What this task involves
Each record below is to be reproduced without any change.

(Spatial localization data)

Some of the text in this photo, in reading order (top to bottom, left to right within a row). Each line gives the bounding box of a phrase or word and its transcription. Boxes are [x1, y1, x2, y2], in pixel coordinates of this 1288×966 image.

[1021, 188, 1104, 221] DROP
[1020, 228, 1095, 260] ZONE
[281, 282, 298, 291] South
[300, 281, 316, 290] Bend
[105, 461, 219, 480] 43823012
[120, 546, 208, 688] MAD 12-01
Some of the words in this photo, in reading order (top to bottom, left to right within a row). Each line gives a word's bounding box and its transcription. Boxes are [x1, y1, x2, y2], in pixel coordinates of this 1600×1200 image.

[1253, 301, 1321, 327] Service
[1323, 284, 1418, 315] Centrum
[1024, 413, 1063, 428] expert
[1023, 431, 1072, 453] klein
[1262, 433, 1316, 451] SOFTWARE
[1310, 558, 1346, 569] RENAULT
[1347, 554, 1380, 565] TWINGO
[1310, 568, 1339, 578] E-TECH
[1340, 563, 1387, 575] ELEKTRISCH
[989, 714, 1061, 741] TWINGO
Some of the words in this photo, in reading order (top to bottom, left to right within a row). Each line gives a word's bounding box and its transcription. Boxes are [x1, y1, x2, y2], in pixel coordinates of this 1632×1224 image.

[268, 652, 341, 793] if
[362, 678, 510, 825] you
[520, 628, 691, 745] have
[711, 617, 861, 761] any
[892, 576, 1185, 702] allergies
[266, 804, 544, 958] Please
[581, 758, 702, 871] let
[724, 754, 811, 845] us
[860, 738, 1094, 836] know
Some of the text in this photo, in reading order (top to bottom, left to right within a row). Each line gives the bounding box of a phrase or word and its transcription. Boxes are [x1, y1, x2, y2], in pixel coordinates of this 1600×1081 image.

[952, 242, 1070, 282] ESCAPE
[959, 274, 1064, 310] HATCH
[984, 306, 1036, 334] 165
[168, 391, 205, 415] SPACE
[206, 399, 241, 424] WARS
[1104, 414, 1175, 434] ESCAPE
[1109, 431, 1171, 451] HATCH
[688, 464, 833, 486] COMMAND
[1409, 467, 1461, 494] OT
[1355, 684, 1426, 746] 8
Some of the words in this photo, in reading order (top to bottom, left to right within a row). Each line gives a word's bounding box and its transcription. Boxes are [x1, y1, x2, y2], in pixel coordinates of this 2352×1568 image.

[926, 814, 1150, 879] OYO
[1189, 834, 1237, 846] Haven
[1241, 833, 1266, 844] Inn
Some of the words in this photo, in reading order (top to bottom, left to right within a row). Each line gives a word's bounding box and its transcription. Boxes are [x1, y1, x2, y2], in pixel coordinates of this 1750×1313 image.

Result below
Some of the text in this photo, in reading order (top to bottom, left to right within a row). Each line gives the bounding box of a phrase or word and its transcription. Boxes are [x1, y1, x2, y2], in pixel coordinates of this 1288×966 image.

[1021, 188, 1104, 221] DROP
[1020, 228, 1095, 260] ZONE
[281, 282, 298, 291] South
[300, 281, 316, 290] Bend
[105, 461, 219, 480] 43823012
[120, 546, 208, 688] MAD 12-01
Some of the words in this photo, in reading order (top to bottom, left to right within a row). Each line gives a word's bounding box and its transcription. Boxes are [x1, y1, x2, y2], in pixel coordinates of this 1600×1200 image.

[1253, 301, 1321, 327] Service
[1323, 284, 1418, 315] Centrum
[1024, 413, 1063, 428] expert
[1023, 431, 1072, 453] klein
[1262, 433, 1316, 451] SOFTWARE
[1310, 558, 1346, 569] RENAULT
[1347, 554, 1380, 565] TWINGO
[1310, 568, 1339, 578] E-TECH
[1340, 563, 1387, 575] ELEKTRISCH
[989, 714, 1061, 741] TWINGO
Some of the words in this photo, in reading order (top to bottom, left to right within a row). Each line gives a word's bounding box and its transcription. Boxes are [x1, y1, x2, y2], in pixel coordinates of this 1632×1224 image.

[268, 652, 341, 793] if
[362, 678, 510, 825] you
[520, 628, 691, 745] have
[711, 617, 861, 761] any
[892, 576, 1185, 702] allergies
[266, 804, 544, 958] Please
[581, 758, 702, 871] let
[724, 754, 811, 845] us
[860, 738, 1094, 836] know
Some of the text in this photo, in reading order (top to bottom, left to right within a row). Each line gives the bounding box of a phrase or word and its transcription. Boxes are [x1, y1, x2, y2], in pixel coordinates of this 1600×1081 image.

[952, 242, 1070, 282] ESCAPE
[959, 274, 1064, 310] HATCH
[984, 306, 1036, 334] 165
[168, 391, 205, 415] SPACE
[206, 399, 241, 424] WARS
[1104, 414, 1175, 434] ESCAPE
[1109, 431, 1171, 451] HATCH
[688, 464, 833, 486] COMMAND
[1409, 467, 1461, 494] OT
[1355, 684, 1426, 746] 8
Some of the words in this photo, in reading order (top to bottom, left to right within a row). Each line gives a word's bounding box and its transcription. Boxes are [x1, y1, x2, y2], in pixel coordinates of this 2352×1568 image.

[926, 814, 1150, 879] OYO
[1189, 834, 1237, 846] Haven
[1241, 833, 1266, 844] Inn
Some of the words in this photo, in reading order (top to bottom, left to right within a row). Each line gives a word's bounding box and its transcription. Boxes are [x1, y1, x2, y2], in pixel coordinates of this 1750×1313 image.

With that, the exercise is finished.